Practice 14 - Redesigning the Message-Board Application using open-source tools.
In this lab, you will learn two different open-source databases such as JSON document database(MongoDB) and blob storage(MinIO). Further, We deploy and execute time-consuming tasks in an asynchronous and resilient manner using distributed task queues such as Celery and RabbitMQ. Using these tools, you will re-design the Message Board application in a cloud-native way.
References
- Celery: https://docs.celeryq.dev/en/stable/index.html
- RabbitMQ: https://www.rabbitmq.com/
- Flower: https://flower.readthedocs.io/en/latest/
- MongoDB: https://www.mongodb.com/
- MinIO: https://min.io/
Exercise 14.1 Setting the Prerequisites
- Create a VM in OpenStack Cloud with
- Choose Instance Snapshot
Ubuntu22+Docker
- Enbale Delete the Volume on Instance Delete
- Flavour:
m2.tiny
- Volume Size (GB): 20GB
- Add security group
lab142024
along withdefault
.
- Choose Instance Snapshot
- SSH to the VM and copy the Message Board application code submitted in the deliverable of Practice Session 9-RabbitMQ
- You can use your own approach to modify the code in the remote machine.
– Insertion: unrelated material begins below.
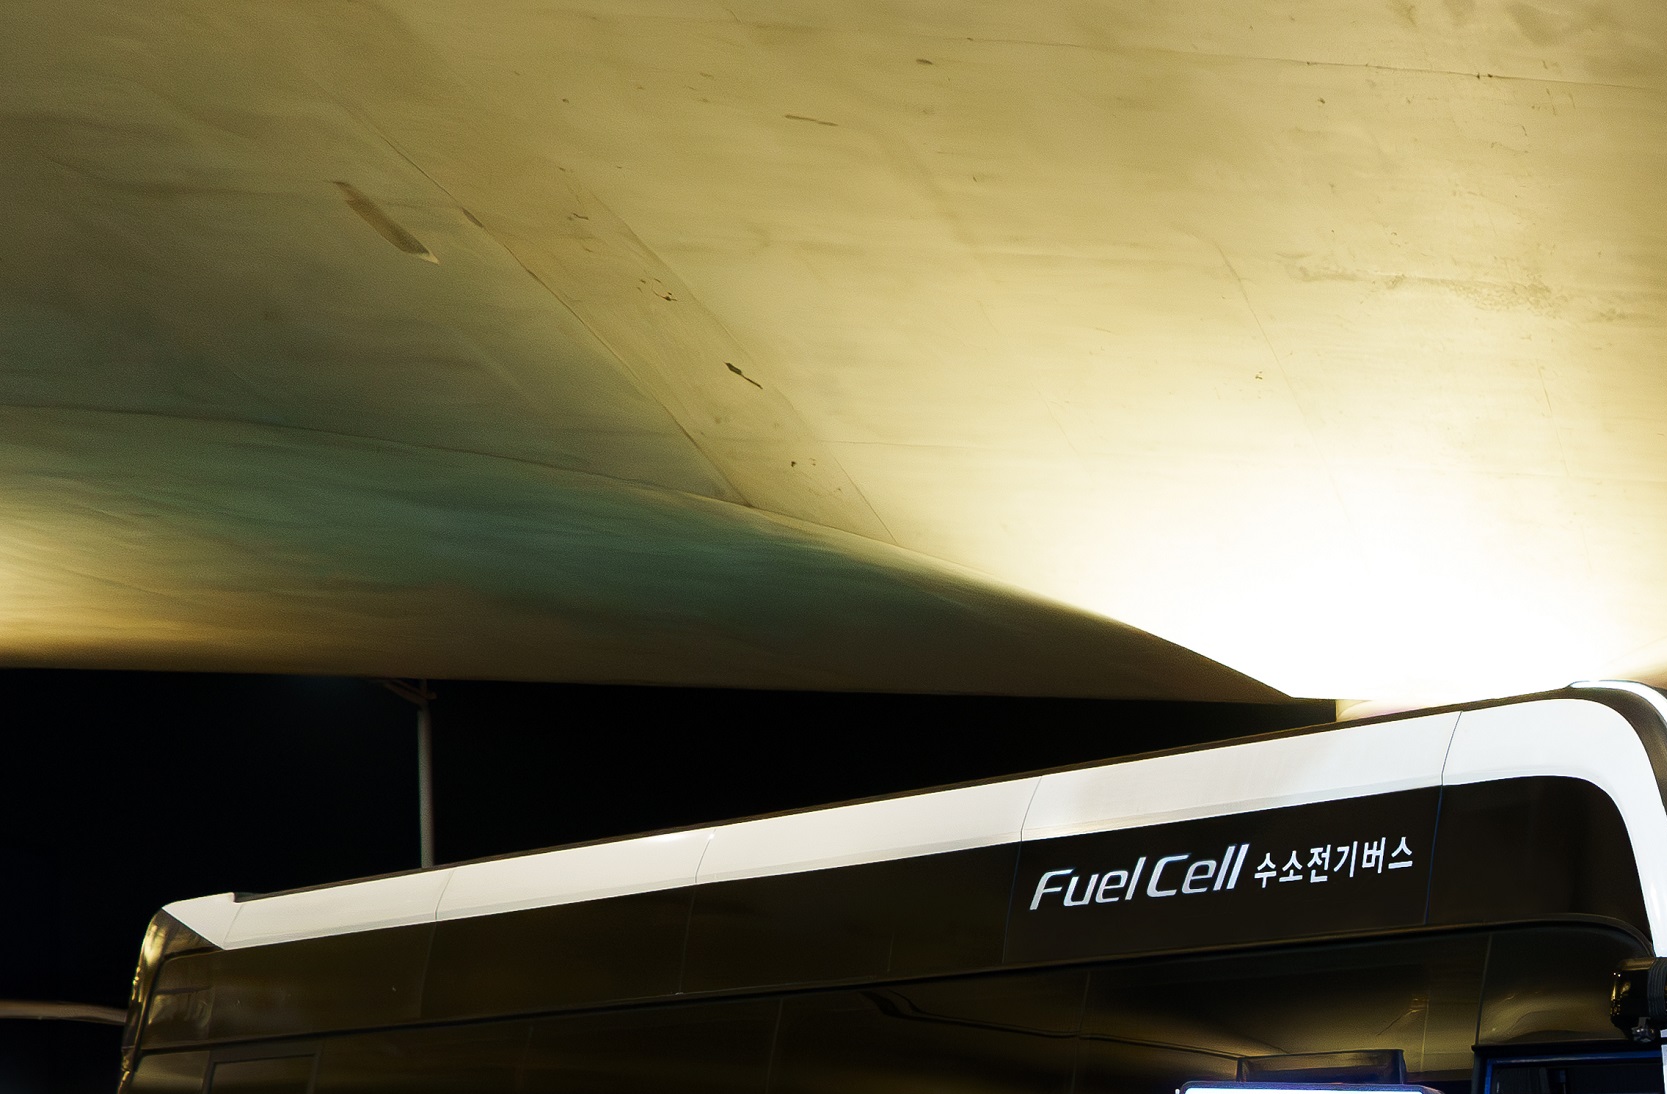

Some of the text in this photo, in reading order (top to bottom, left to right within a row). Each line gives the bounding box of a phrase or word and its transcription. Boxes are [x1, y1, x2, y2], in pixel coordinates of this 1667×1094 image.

[1029, 836, 1413, 910] Fuel Cell 수소전기버스
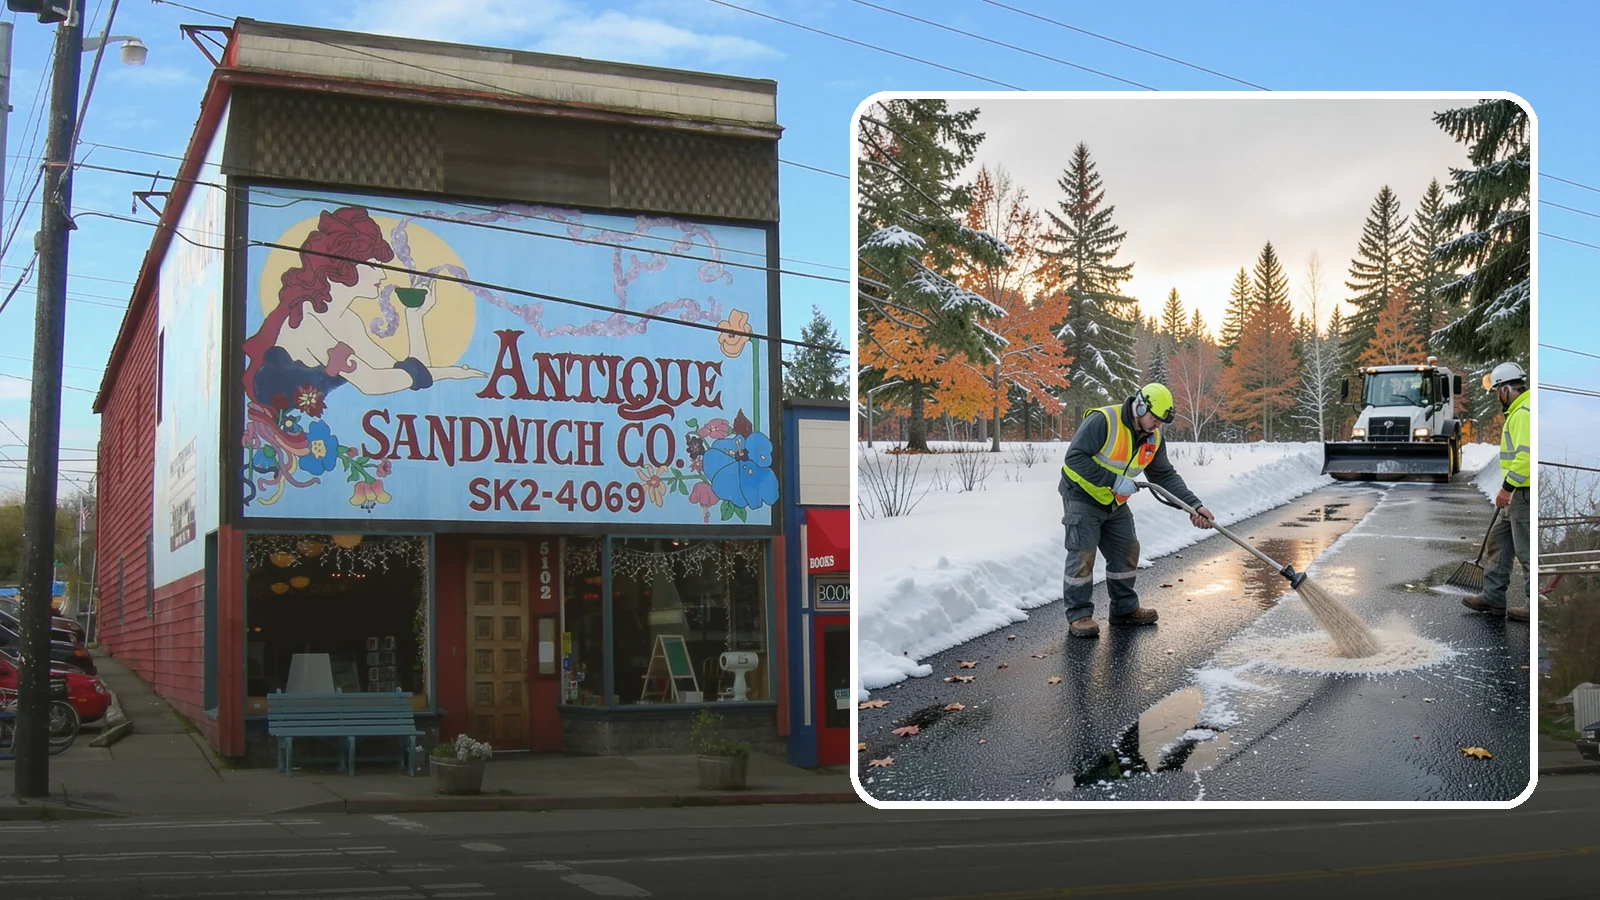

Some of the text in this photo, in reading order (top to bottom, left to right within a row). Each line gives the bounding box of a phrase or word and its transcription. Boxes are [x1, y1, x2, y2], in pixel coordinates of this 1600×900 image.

- Using Visual Studio Code makes easier to edit, modify the code in the remote machine.
- Modify
app.py
- Remove the rabbitmq(pika) imports.
- Remove the publish_rabbitmq definition and invocation in handle_message().
- Similarly update the
requirements.txt
Exercise 14.2 Working with Documents (JSON) based database: MongoDB
In this task, you will replace Azure COSMOS database with the MongoDB in your message board application. MongoDB stores data records as BSON documents. BSON is a binary representation of JSON documents.
- Run MongoDB using docker container
- Run in detached mode
- Assign the name
mongodb
- Volume mount(-v)
-v ${HOME}/mongo-data:/data/db
- Create a directory
mongo-data
- Create a directory
- Port forwarding
27017:27017
- Enviorment variables to set username and password
MONGODB_INITDB_ROOT_USERNAME=sample-db-user
,MONGODB_INITDB_ROOT_PASSWORD=sample-password
- Image
mongo:latest
- Modify
app.py
to insert JSON documents (Messages)- Delete azure cosmos imports and all the variables related to cosmos.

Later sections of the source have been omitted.